The concept of confounding leads to a second main limitation of ecological-level policy analyses research, namely that it is often not possible to disentangle contemporaneous secular changes and associated impacts from the estimated effects of the policies. It may be, for example, that there was broad public support, with accompanying behavior changes to safer firearm storage, for CAP laws before these laws were passed. The cross-sectional study by Prickett et al. (2014), while suggestive that the likelihood of having locked versus unlocked guns is greater in states with these laws, does not establish whether safe storage was more frequent in states after the laws were enacted than before. It is possible that the behavior changes preceded the law enactment and confounded the estimated effect of the law.

This scoping review is limited in multiple ways. As a scoping review, our keyword search for relevant literature is not as extensive as it would have been for a systematic review. Similarly, we did not search as many literature databases as would be necessary for a systematic review. We therefore may have missed some papers that met inclusion criteria. Given our a priori knowledge of the extent of the literature and our more general objective of describing the state of knowledge and developing research recommendations, a scoping review was deemed appropriate. Additionally, we focused here solely on those results that were specific to child and adolescent populations. Associations of any of the laws covered in this review with the larger population may differ from their associations with child and adolescent outcomes.

Despite these limitations and broad need for more research and better data, there is reason to be optimistic. First, because rigorous research suggests that CAP laws may be effective in reducing child and adolescent unintentional firearm death and firearm suicide, and because there is evidence that firearm policies may work together to reduce the burden of child and adolescent firearm outcomes. Second, because this review reveals a firm research agenda that, if accomplished, will inform policy makers and advocates as they make decisions on firearm policy into the future.
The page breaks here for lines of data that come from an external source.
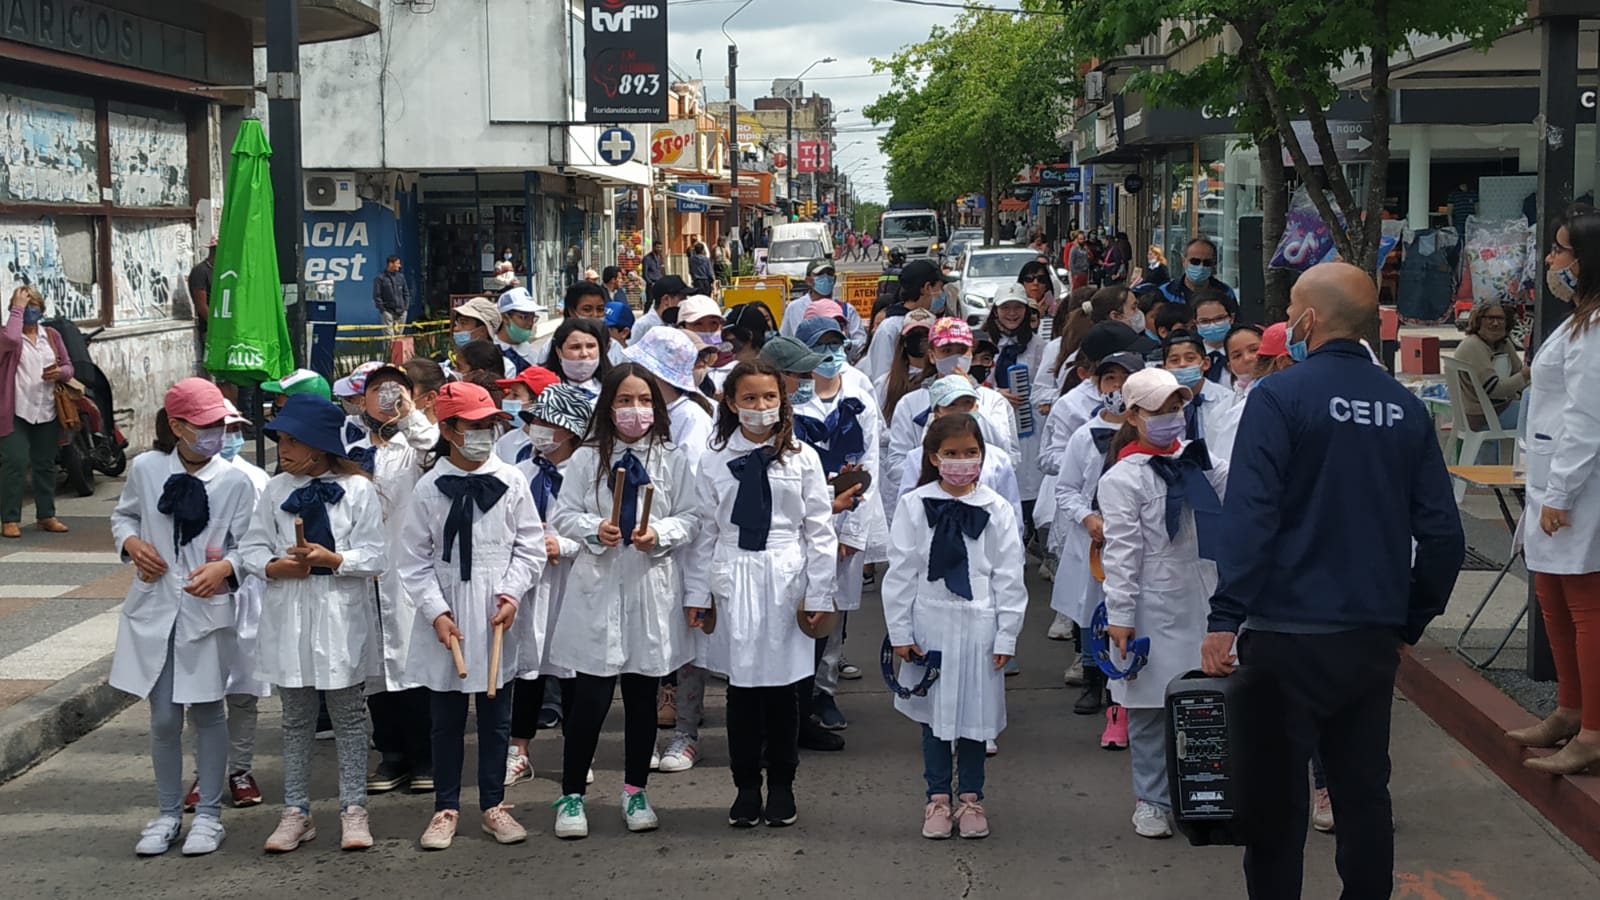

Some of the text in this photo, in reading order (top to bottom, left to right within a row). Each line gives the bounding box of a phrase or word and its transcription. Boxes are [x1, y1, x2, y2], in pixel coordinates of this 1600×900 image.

[618, 73, 660, 95] 89.3
[592, 106, 660, 115] floridanoticias.com.uy
[736, 124, 751, 132] RO
[736, 131, 761, 141] mpio
[651, 133, 694, 164] STOP!
[304, 253, 367, 281] est
[854, 288, 876, 297] ATEN
[227, 351, 264, 366] ALUS
[1329, 396, 1404, 427] CEIP
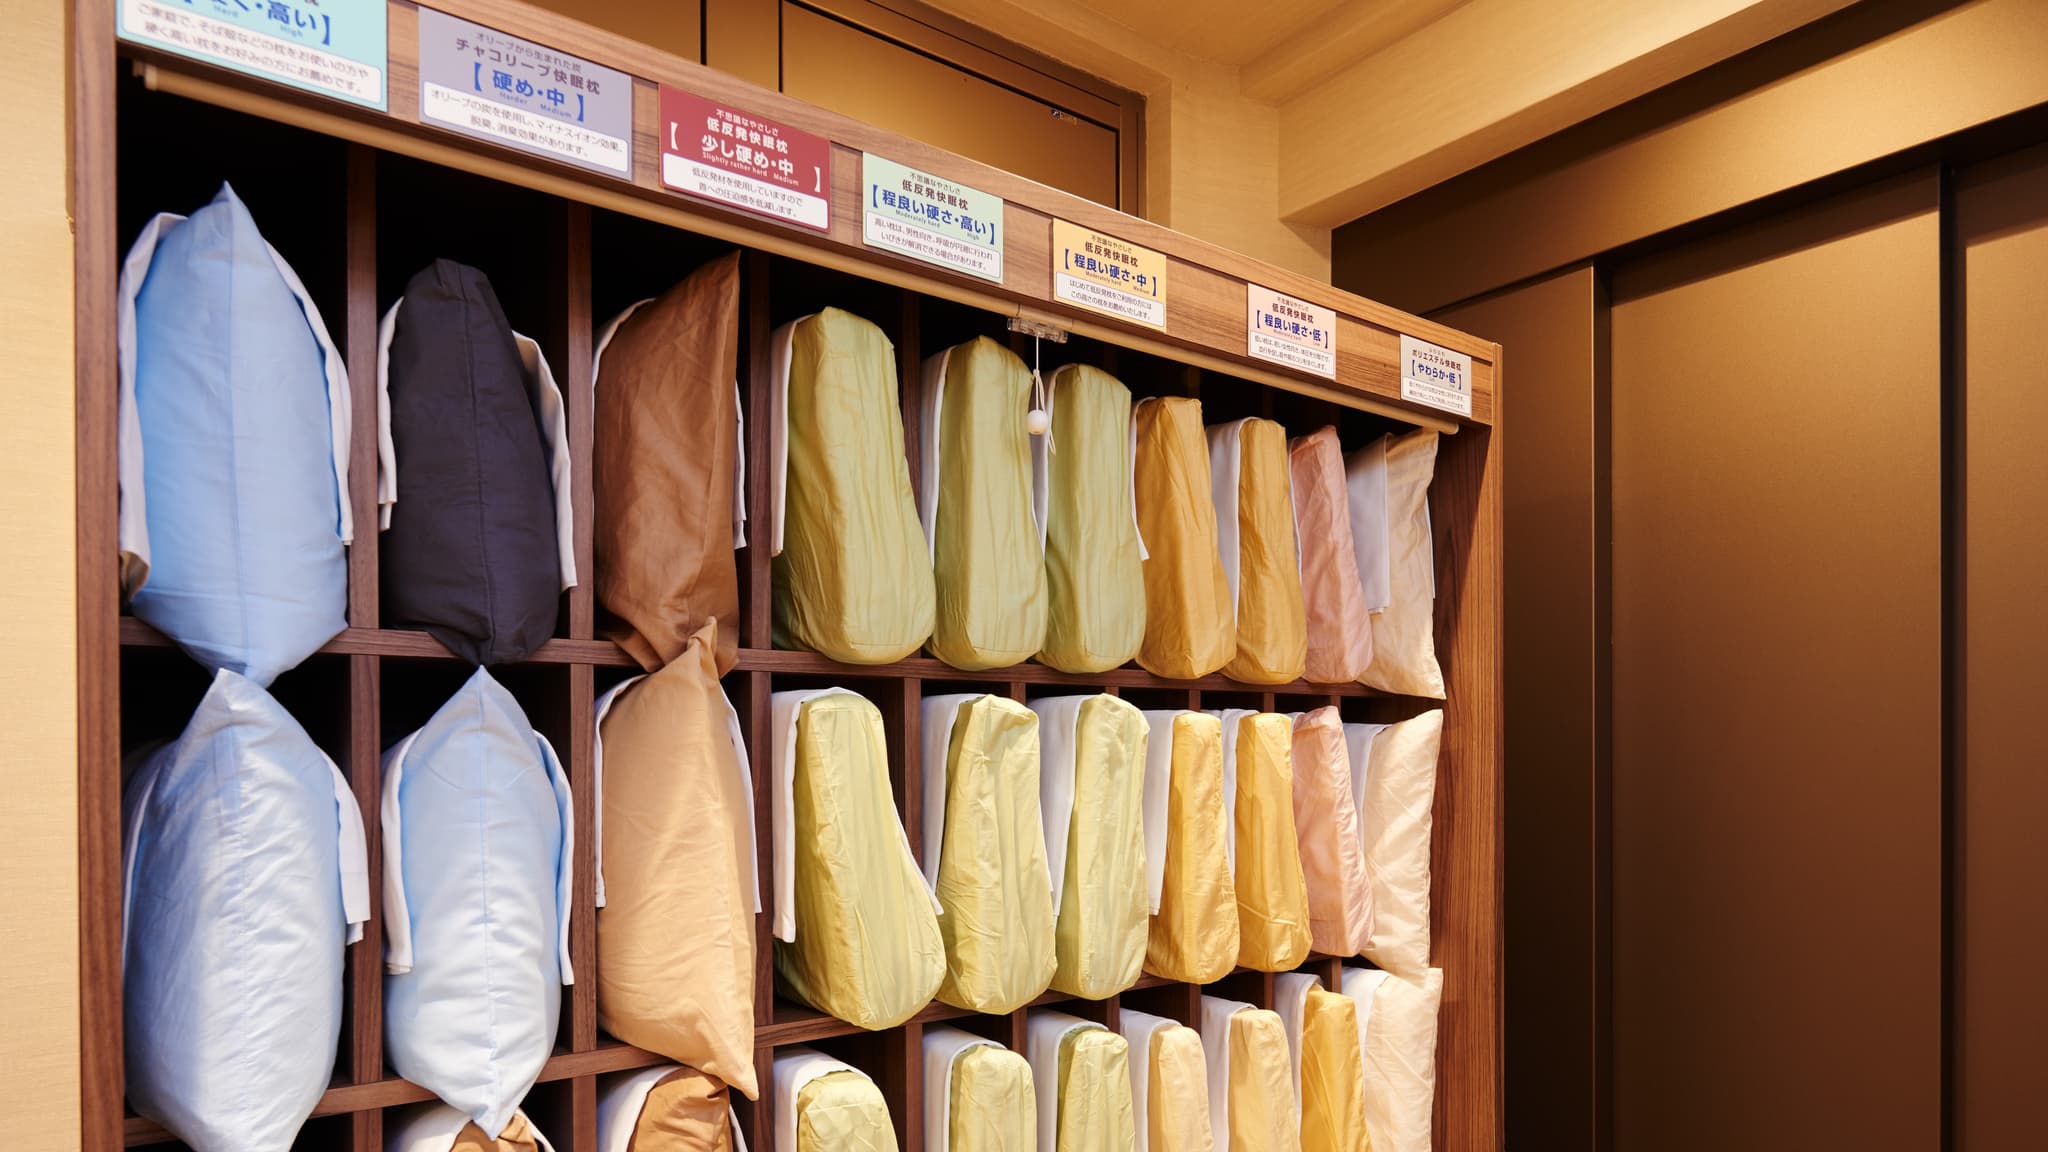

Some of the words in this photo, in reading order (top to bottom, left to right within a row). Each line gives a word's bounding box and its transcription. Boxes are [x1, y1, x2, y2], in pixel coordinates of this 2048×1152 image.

[476, 31, 582, 74] オリーブから生まれた炭
[540, 103, 572, 119] Medium
[716, 108, 779, 137] 不思議なやさしさ
[707, 116, 788, 155] 低反発快眠枕
[691, 166, 804, 207] 低反発材を使用していますので
[702, 151, 729, 167] Slightly
[730, 158, 751, 172] rather
[752, 165, 768, 177] hard
[773, 172, 800, 186] Medium
[910, 172, 961, 196] 不思議なやさしさ
[699, 182, 798, 218] 首への圧迫感を低減します。
[902, 178, 969, 211] 低反発快眠枕
[872, 184, 995, 246] 【程良い硬さ・高い】
[1064, 247, 1157, 297] 【程良い硬さ・中】
[1085, 241, 1139, 268] 低反発快眠枕
[1256, 309, 1329, 350] 【程良い硬さ・低】
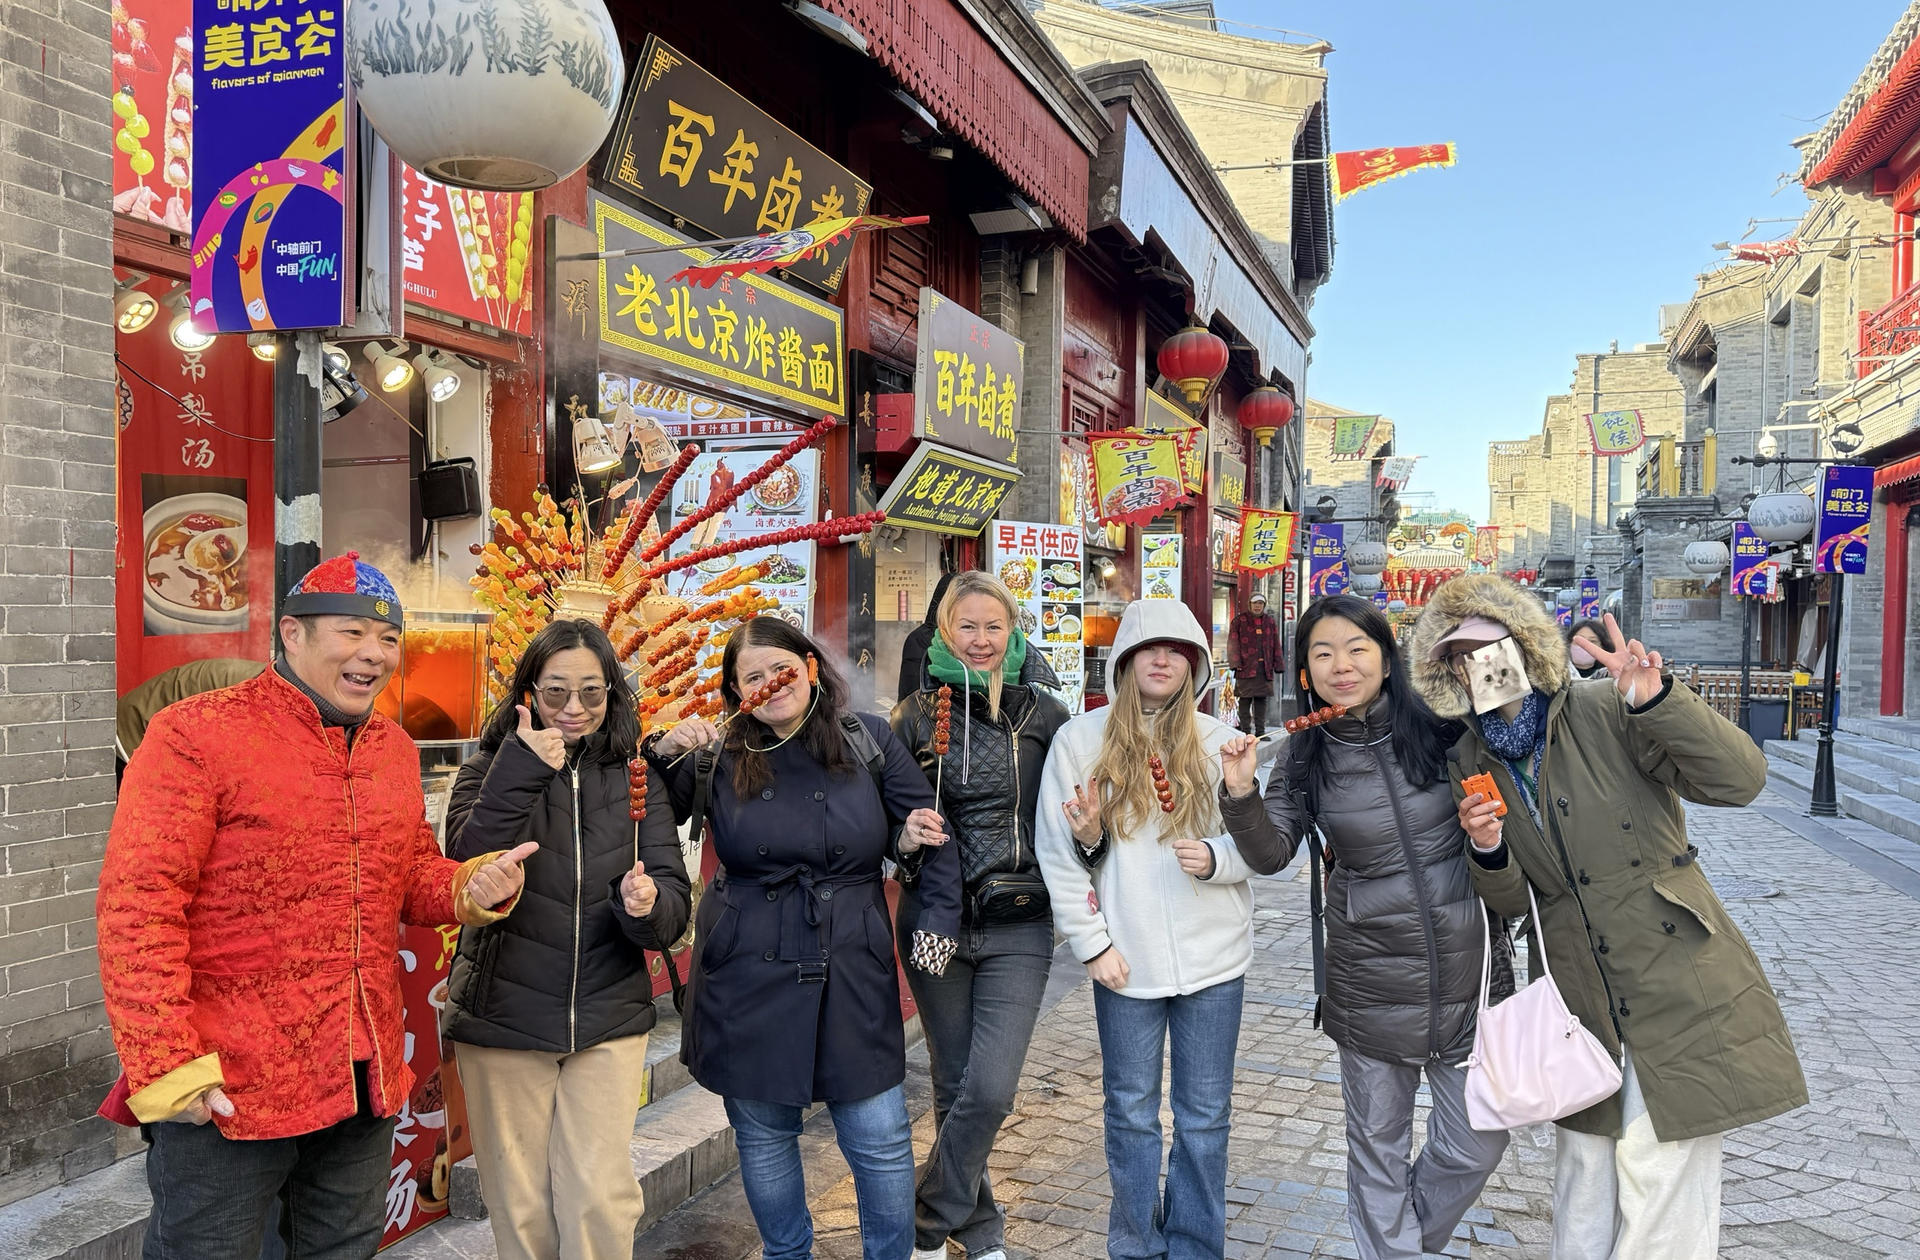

First, existing research shows that, even with crude policy sub-divisions, between-state heterogeneity in policy provisions result in differential policy effects (e.g., Cummings et al., 1997). Research is needed to better characterize between-state differences in provisions so researchers can determine what components affect outcomes most. Second, with few exceptions (e.g., Prickett et al., 2014), synergistic policy effects are largely unanalyzed. Studies applying overall policy scores and those including multiple policies in one model have provided valuable information, but optimal policy solutions require understanding how particular policies modify each other’s effects. The third primary need is for more reliable sources of non-fatal firearm data, given that the majority of the overall burden falls into this category. This need has been acknowledged elsewhere (Webster, 2018), and addressing this problem will allow for the addressing of research questions that were heretofore not rigorously answerable.